# Exercise goal
Pull every line from the records that has the word "CHAMPS" in it.

### Data ###

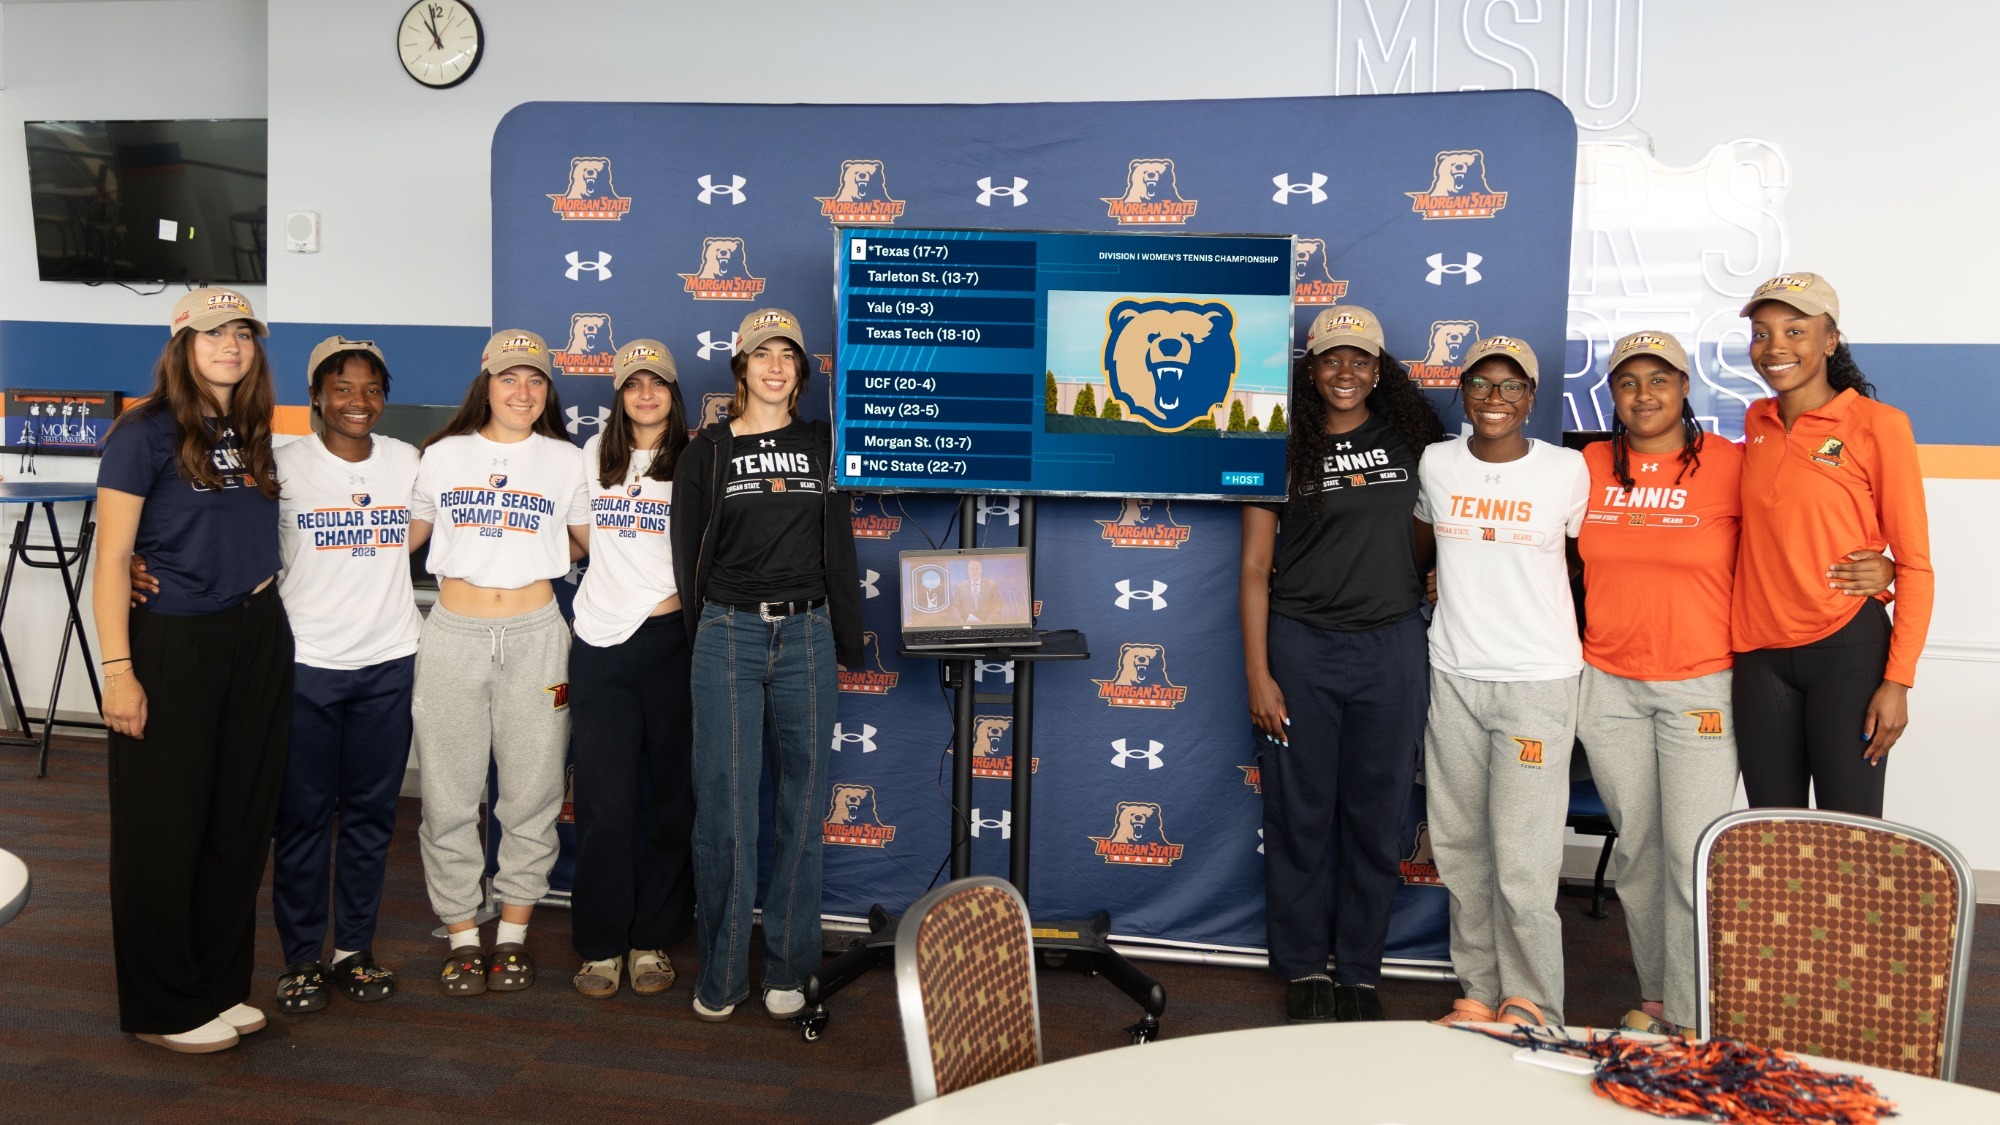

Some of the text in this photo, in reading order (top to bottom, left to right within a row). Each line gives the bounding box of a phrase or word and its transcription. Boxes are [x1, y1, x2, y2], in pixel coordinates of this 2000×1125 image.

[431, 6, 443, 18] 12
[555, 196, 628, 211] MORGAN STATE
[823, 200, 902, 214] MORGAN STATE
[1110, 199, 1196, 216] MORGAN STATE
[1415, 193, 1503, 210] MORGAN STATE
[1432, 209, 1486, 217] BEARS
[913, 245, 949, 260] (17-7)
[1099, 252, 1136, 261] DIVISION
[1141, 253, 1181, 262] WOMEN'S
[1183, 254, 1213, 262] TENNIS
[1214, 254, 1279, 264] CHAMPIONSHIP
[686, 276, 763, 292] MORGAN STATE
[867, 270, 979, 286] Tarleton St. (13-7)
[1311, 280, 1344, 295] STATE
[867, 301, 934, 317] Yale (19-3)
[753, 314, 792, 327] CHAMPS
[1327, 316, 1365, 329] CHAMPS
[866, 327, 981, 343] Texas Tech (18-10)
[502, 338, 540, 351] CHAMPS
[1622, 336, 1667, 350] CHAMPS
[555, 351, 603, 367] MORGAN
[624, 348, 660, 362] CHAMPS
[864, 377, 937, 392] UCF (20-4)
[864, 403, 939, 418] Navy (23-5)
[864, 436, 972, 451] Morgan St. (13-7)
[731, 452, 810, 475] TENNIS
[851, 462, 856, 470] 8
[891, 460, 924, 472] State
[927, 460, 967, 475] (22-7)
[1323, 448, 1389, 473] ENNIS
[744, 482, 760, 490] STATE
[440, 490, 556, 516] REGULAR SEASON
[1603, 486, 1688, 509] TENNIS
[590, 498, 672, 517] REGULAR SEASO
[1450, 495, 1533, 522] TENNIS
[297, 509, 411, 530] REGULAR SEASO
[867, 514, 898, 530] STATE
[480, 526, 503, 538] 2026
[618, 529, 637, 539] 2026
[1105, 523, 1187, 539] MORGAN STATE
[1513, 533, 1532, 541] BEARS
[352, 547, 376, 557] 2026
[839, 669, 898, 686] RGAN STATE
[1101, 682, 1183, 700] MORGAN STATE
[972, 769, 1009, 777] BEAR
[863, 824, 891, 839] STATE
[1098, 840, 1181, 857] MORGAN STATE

###

# Answer section
[753, 314, 792, 327] CHAMPS
[1327, 316, 1365, 329] CHAMPS
[502, 338, 540, 351] CHAMPS
[1622, 336, 1667, 350] CHAMPS
[624, 348, 660, 362] CHAMPS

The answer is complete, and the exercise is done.